Working NVENC/NVDEC hardware transcoding on aarch64 (community plugin, no server-code changes)
If you’re running Plex on an aarch64 box with an NVIDIA GPU (Jetson-class hardware, an aarch64 server with a discrete card, etc.), you’ve probably noticed Plex Transcoder has no NVENC/NVDEC support on that architecture — everything falls back to software x264, even with a GPU sitting right there.
I put together a plugin that adds real hardware decode and encode for that case, using Plex’s existing (undocumented) external-codec loading mechanism — no changes to Plex’s own binaries, no forked builds.
Repo: https://github.com/tpmullan/plex-nvenc-rpc
First release (v0.0.1): https://github.com/tpmullan/plex-nvenc-rpc/releases/tag/v0.0.1
Why it’s a separate process instead of a normal plugin
Plex Transcoder on aarch64 is linked against musl libc, but the NVIDIA driver’s userspace libraries are glibc. A plugin `.so` doesn’t bring its own dynamic linker, so it’s stuck using whatever linker the host process already has — meaning a plugin loaded directly into Transcoder can’t reliably use the NVIDIA driver in-process. I found and fixed several musl/glibc gaps one at a time before concluding that approach doesn’t converge (details in https://github.com/tpmullan/plex-nvenc-rpc/blob/main/docs/history.md).
The plugin that actually loads into Transcoder is deliberately tiny — no FFmpeg linkage, no CUDA code at all. It forks a separate, completely ordinary glibc helper process for every session and talks to it over a small RPC protocol. All the real NVENC/NVDEC/CUDA work happens in that helper, isolated from any musl/glibc concerns
What’s registered
h264_nvenc / hevc_nvenc — real hardware encode
h264 / hevc (decode) — real hardware decode
libx264 — hijacked. Plex’s own encoder-selection decision (made before Transcoder even starts) doesn’t seem to route to a hardware encoder no matter what capability signals the plugin advertises, but it *does* let whichever plugin is registered under a requested name handle it — so this registration always attempts real GPU encode first and transparently falls back to genuine bundled libx264 on CPU if that fails, forwarding the same crf/preset Plex actually requested either way. Never forces GPU unconditionally.

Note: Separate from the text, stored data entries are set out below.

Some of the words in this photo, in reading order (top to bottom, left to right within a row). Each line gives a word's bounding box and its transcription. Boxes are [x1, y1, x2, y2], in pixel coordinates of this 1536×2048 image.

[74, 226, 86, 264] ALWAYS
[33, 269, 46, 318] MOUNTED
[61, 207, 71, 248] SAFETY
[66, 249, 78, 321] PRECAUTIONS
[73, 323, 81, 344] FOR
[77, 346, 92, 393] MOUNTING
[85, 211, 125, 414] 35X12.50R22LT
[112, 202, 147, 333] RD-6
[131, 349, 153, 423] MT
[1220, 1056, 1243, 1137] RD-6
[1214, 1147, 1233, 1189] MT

Confirmed via GPU process/memory listings during real, unmodified playback sessions: sustained hardware decode + encode running simultaneously, full video+audio pipeline, 10-bit HEVC content included.
Caveats going in
- The plugin binary is pinned to one exact Plex FFmpeg build hash (a single constant,
EXPECTED_BUILD_HASH in glue.c) and the helper binary to a specific NVIDIA driver/CUDA ABI generation. Different versions need a rebuild — cheap for the plugin (no FFmpeg linkage, few-second recompile), more involved for the helper (needs a real build environment, see the README).

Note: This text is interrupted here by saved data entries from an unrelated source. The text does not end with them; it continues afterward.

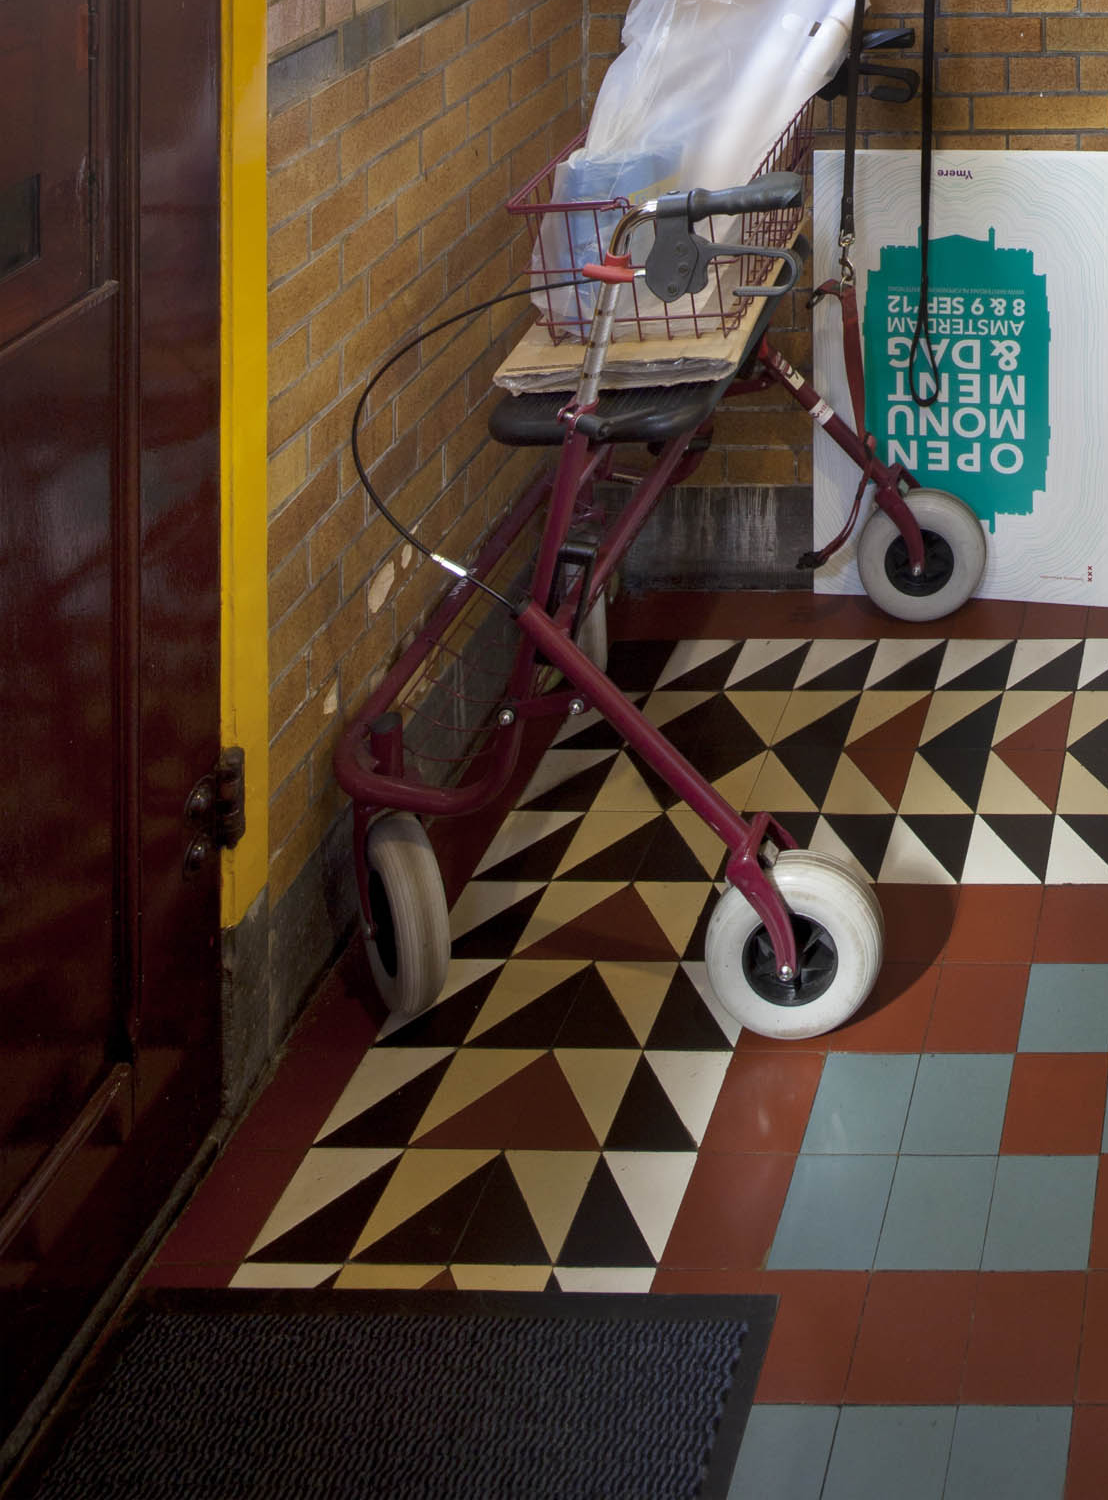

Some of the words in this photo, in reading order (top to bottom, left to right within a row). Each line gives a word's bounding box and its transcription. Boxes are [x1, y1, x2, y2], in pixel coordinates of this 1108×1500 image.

[936, 169, 973, 180] Ymere
[926, 296, 965, 315] SEP
[970, 297, 985, 315] 9
[989, 297, 1008, 317] &
[1012, 298, 1026, 317] 8
[887, 316, 1025, 336] AMSTERDAM
[887, 336, 981, 370] DAG
[990, 339, 1021, 372] &
[887, 371, 1026, 406] MENT
[887, 404, 1026, 440] MONU
[887, 439, 1024, 475] OPEN

- 8-bit-only IPC frame format currently (10-bit content gets downsampled before encode).
- No session-limit awareness between the GPU-first and CPU-fallback paths yet.
- GPLv2, since it links a real FFmpeg build with libx264 enabled. No Plex source or binaries are contained or linked — see the README’s “Legal” section.
If you want to try it or read the code
Full install instructions (Docker/Kubernetes bind-mount pattern) are in the README. If you’re on a different Plex build hash or driver version than what’s pinned, the fastest path is pointing a coding agent (Claude Code or similar) at the repo and your own container and asking it to adapt the pinned constants and rebuild both binaries — what took a full debugging session to build from scratch should be a much shorter job working from a known-good reference implementation.
Posting this partly hoping it’s useful to someone with the same hardware gap, and partly hoping someone at Plex takes a look — the underlying interface this plugin targets is real and already shipping in the Plex binary; it wouldn’t take much to get equivalent support built in properly for aarch64+NVIDIA. Happy to answer questions about the RPC design or the build process.